━━ Data provided
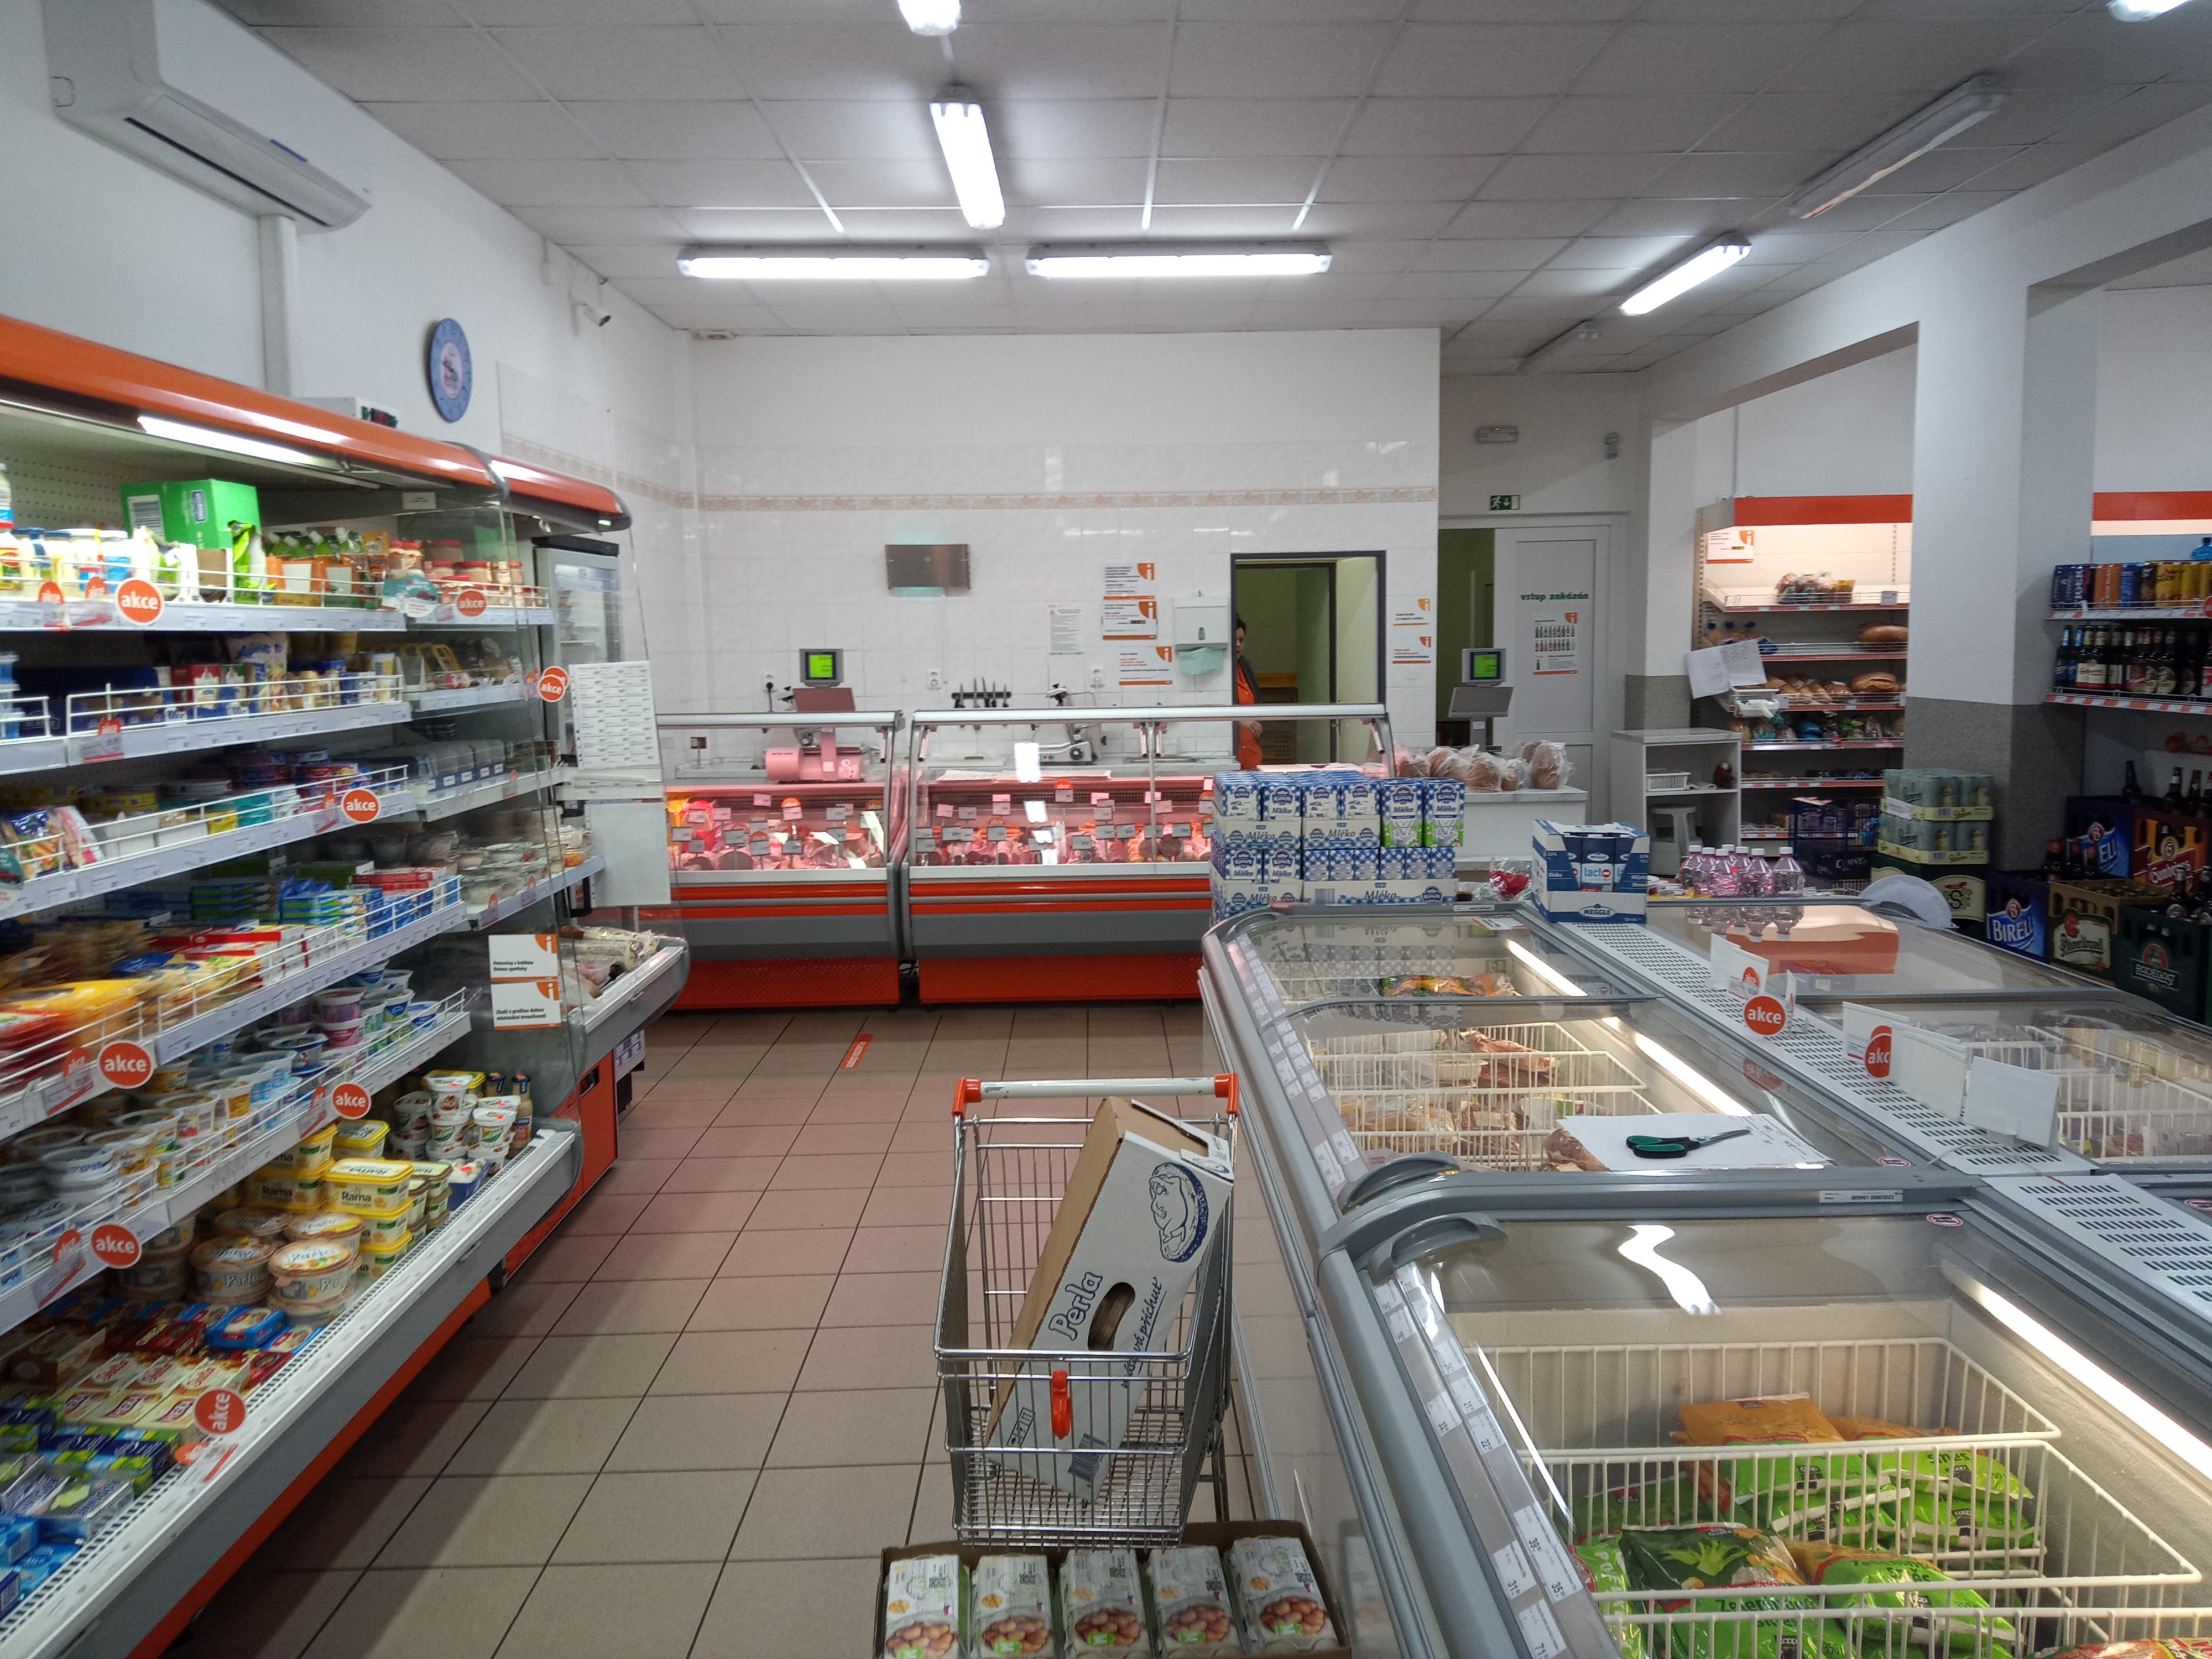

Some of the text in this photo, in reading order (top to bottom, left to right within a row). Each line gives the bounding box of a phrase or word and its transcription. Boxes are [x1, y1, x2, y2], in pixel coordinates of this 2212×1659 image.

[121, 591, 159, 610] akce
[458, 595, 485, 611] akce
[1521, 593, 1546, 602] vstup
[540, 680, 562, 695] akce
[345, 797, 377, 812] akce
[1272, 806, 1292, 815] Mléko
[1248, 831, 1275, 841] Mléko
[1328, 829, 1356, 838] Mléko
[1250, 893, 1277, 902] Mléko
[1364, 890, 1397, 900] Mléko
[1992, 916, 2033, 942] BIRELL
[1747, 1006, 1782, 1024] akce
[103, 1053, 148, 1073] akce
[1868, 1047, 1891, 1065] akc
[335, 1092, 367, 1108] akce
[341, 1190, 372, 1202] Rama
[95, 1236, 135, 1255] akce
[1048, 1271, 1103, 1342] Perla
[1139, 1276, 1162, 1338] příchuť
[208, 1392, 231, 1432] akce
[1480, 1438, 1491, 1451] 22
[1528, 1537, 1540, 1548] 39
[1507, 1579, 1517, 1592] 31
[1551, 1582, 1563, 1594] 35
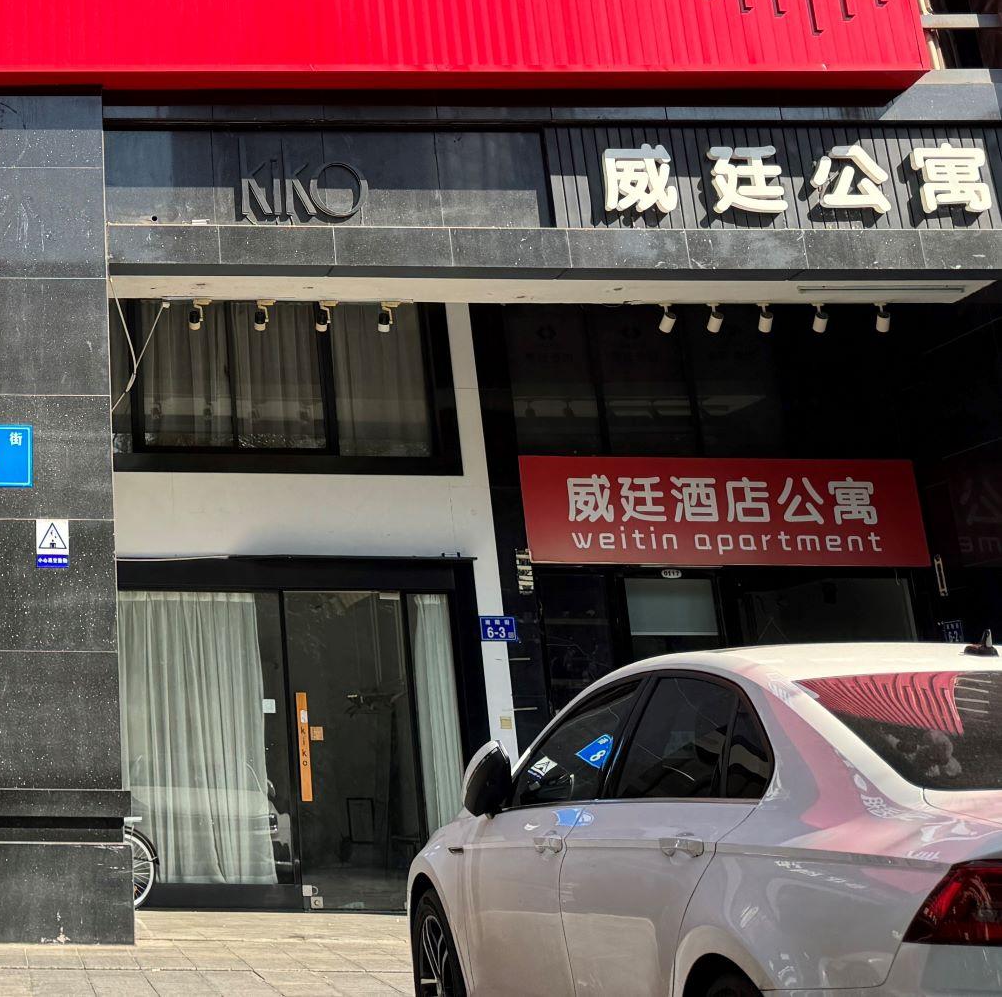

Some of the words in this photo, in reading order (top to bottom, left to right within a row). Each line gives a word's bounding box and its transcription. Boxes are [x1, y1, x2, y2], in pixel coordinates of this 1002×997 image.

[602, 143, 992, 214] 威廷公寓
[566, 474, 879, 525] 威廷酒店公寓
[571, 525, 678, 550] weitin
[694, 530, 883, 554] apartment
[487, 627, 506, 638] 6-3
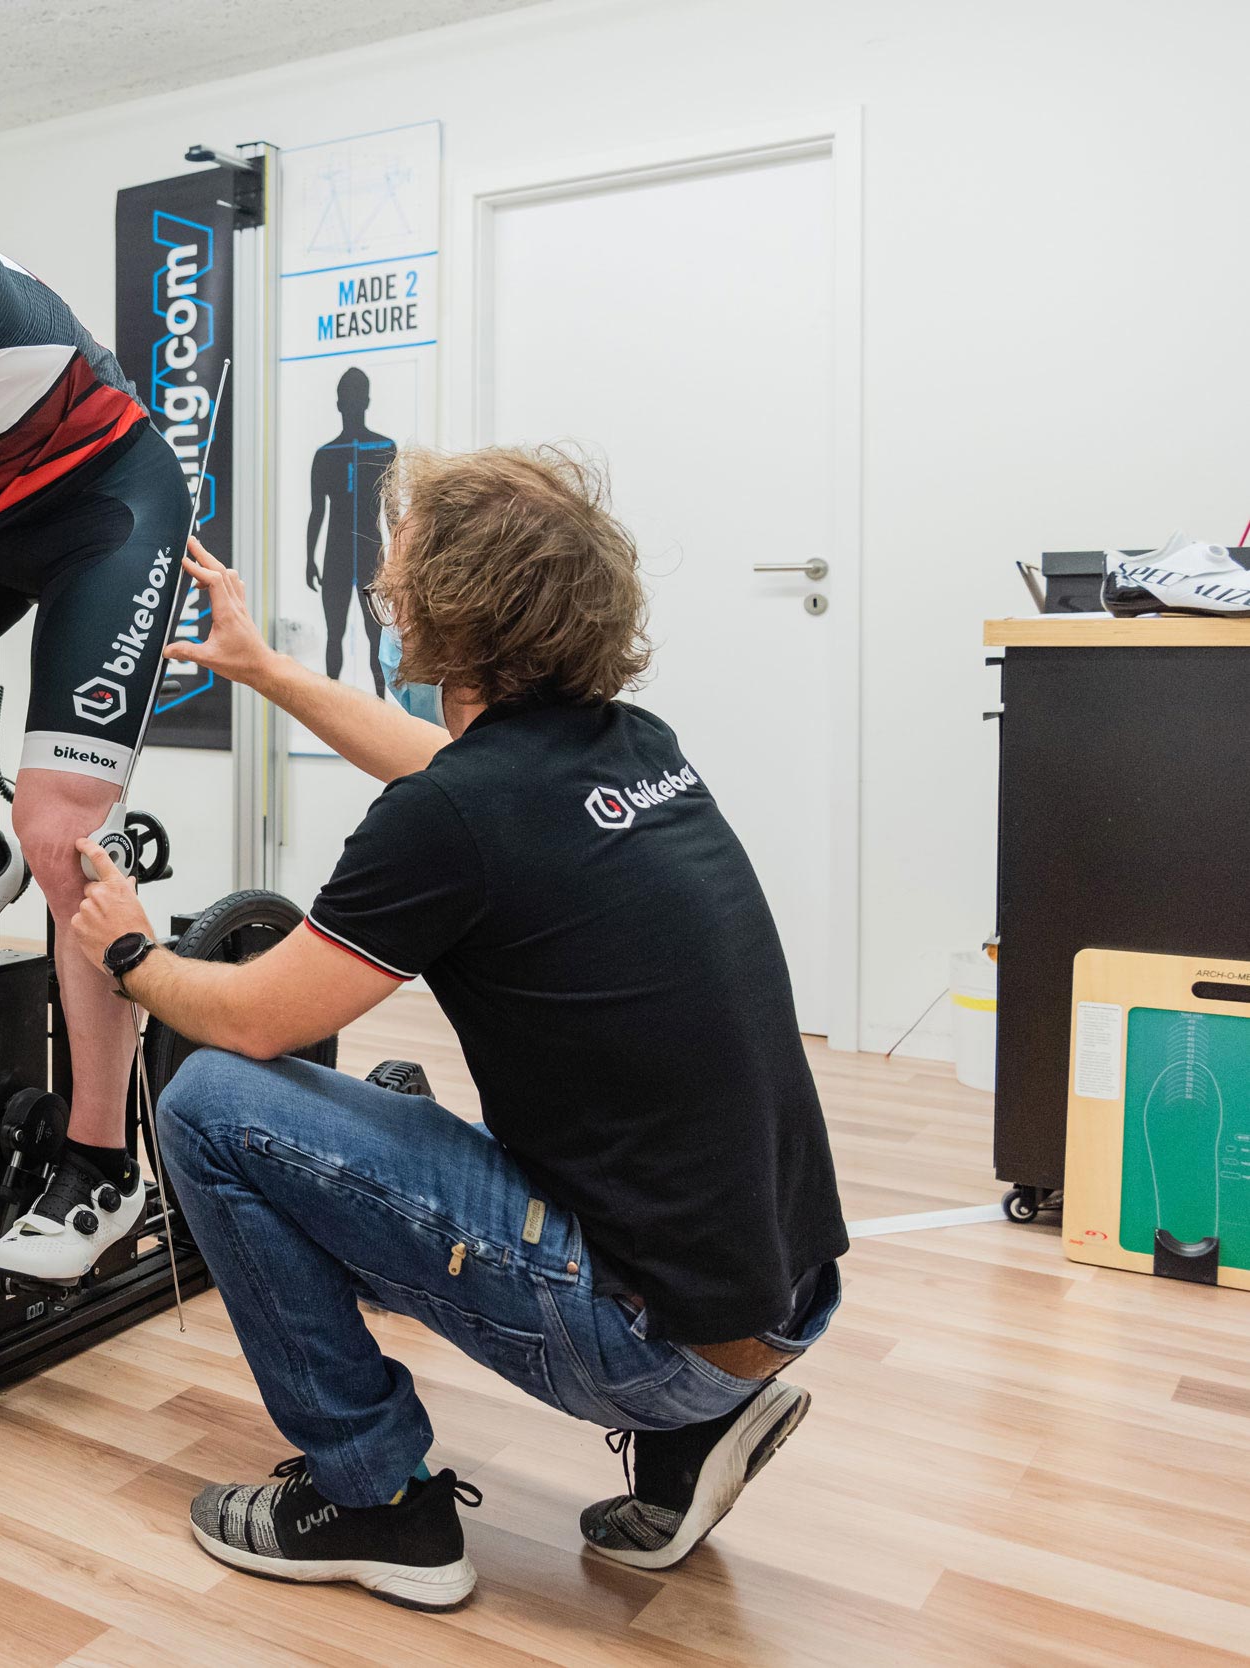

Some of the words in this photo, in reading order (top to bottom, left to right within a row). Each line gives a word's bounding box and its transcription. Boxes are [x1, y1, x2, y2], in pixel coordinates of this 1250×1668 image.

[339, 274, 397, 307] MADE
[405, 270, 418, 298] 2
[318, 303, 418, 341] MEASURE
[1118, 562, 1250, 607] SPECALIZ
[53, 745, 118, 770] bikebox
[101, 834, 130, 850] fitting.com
━━━━
Task description:
Copy out every entry above word for word; omit the images.

Answer box:
Some of the text in this photo, in reading order (top to bottom, left to right within a row). Each line gives the bounding box of a phrase or word and its transcription. Boxes are [x1, y1, x2, y2], in pixel coordinates of this 2212×1659 image.

[121, 591, 159, 610] akce
[458, 595, 485, 611] akce
[1521, 593, 1546, 602] vstup
[540, 680, 562, 695] akce
[345, 797, 377, 812] akce
[1272, 806, 1292, 815] Mléko
[1248, 831, 1275, 841] Mléko
[1328, 829, 1356, 838] Mléko
[1250, 893, 1277, 902] Mléko
[1364, 890, 1397, 900] Mléko
[1992, 916, 2033, 942] BIRELL
[1747, 1006, 1782, 1024] akce
[103, 1053, 148, 1073] akce
[1868, 1047, 1891, 1065] akc
[335, 1092, 367, 1108] akce
[341, 1190, 372, 1202] Rama
[95, 1236, 135, 1255] akce
[1048, 1271, 1103, 1342] Perla
[1139, 1276, 1162, 1338] příchuť
[208, 1392, 231, 1432] akce
[1480, 1438, 1491, 1451] 22
[1528, 1537, 1540, 1548] 39
[1507, 1579, 1517, 1592] 31
[1551, 1582, 1563, 1594] 35

Some of the words in this photo, in reading order (top to bottom, left to right within a row). Each line gives a word's bounding box and its transcription. Boxes are [x1, y1, x2, y2], in pixel coordinates of this 1002×997 image.

[602, 143, 992, 214] 威廷公寓
[566, 474, 879, 525] 威廷酒店公寓
[571, 525, 678, 550] weitin
[694, 530, 883, 554] apartment
[487, 627, 506, 638] 6-3

Some of the words in this photo, in reading order (top to bottom, left to right within a row). Each line gives a word's bounding box and its transcription. Boxes are [x1, y1, x2, y2], in pixel coordinates of this 1250×1668 image.

[339, 274, 397, 307] MADE
[405, 270, 418, 298] 2
[318, 303, 418, 341] MEASURE
[1118, 562, 1250, 607] SPECALIZ
[53, 745, 118, 770] bikebox
[101, 834, 130, 850] fitting.com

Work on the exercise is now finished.